[Start of section]

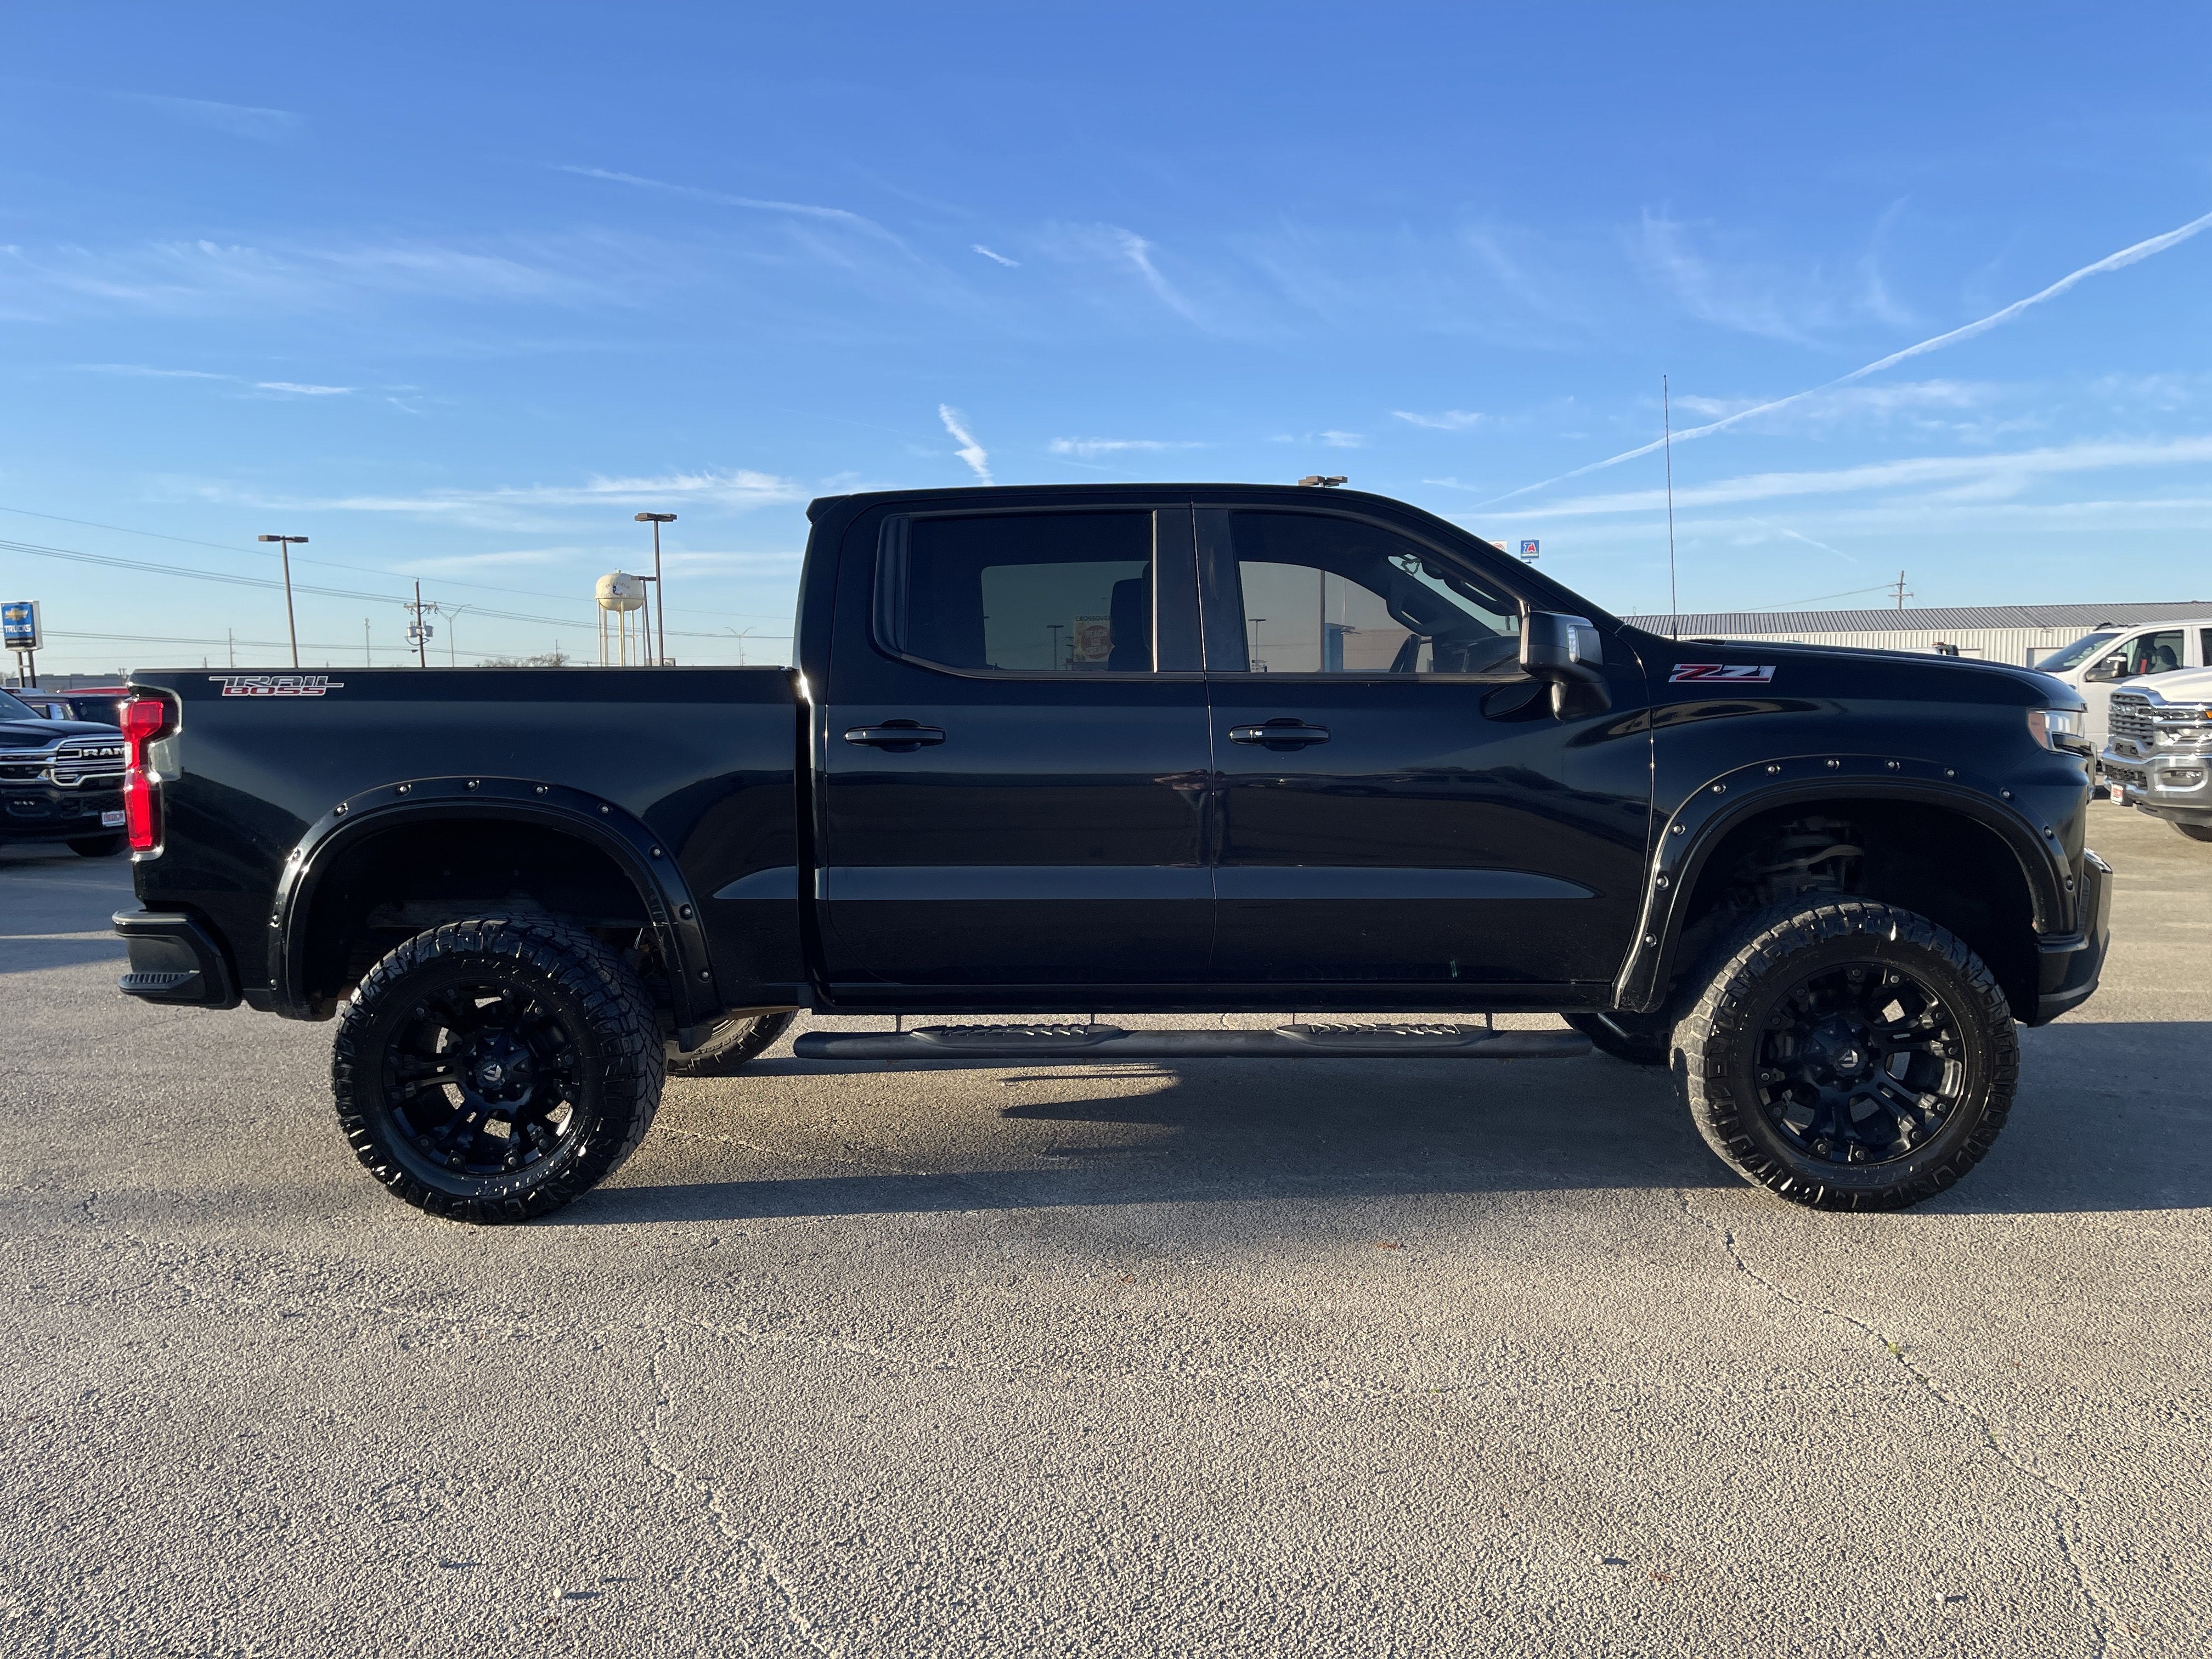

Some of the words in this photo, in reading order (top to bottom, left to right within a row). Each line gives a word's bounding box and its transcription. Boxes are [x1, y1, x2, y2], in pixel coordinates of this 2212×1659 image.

[1523, 542, 1537, 553] TA
[4, 624, 32, 633] TRUCKS
[1668, 664, 1776, 683] Z71
[208, 676, 345, 688] TRAIL
[222, 686, 328, 696] BOSS
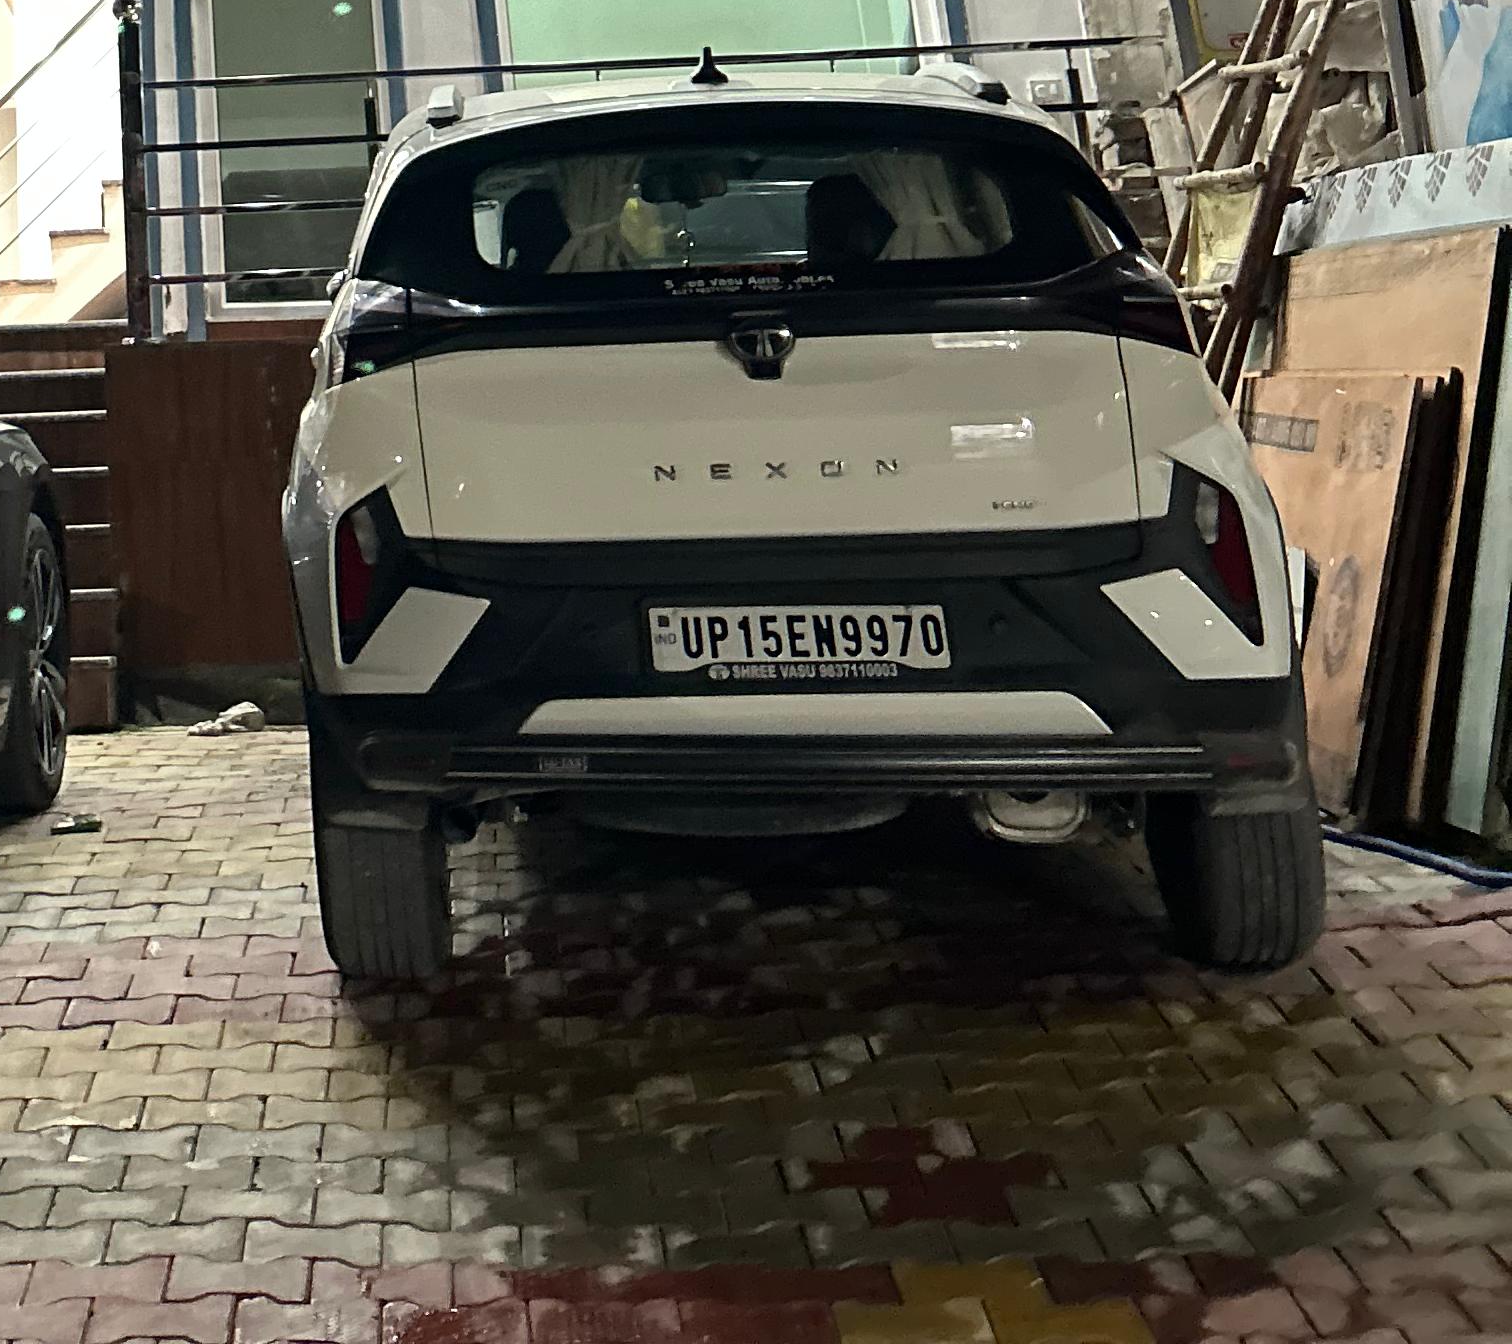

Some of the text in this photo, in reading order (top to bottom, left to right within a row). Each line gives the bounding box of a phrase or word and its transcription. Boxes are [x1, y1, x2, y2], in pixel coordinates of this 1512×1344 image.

[654, 458, 898, 481] NEXON
[681, 613, 945, 659] UP15EN9970
[731, 663, 777, 679] SHREE
[779, 663, 816, 679] VASU

[End of section]

HOW TO COMPLETE THIS TASK = Output nothing but the records above, word for word, with the pictures removed.

RESULT FOR THIS TASK =
Some of the words in this photo, in reading order (top to bottom, left to right within a row). Each line gives a word's bounding box and its transcription. Boxes are [x1, y1, x2, y2], in pixel coordinates of this 2212×1659 image.

[1523, 542, 1537, 553] TA
[4, 624, 32, 633] TRUCKS
[1668, 664, 1776, 683] Z71
[208, 676, 345, 688] TRAIL
[222, 686, 328, 696] BOSS

Some of the text in this photo, in reading order (top to bottom, left to right within a row). Each line gives the bounding box of a phrase or word and its transcription. Boxes are [x1, y1, x2, y2], in pixel coordinates of this 1512×1344 image.

[654, 458, 898, 481] NEXON
[681, 613, 945, 659] UP15EN9970
[731, 663, 777, 679] SHREE
[779, 663, 816, 679] VASU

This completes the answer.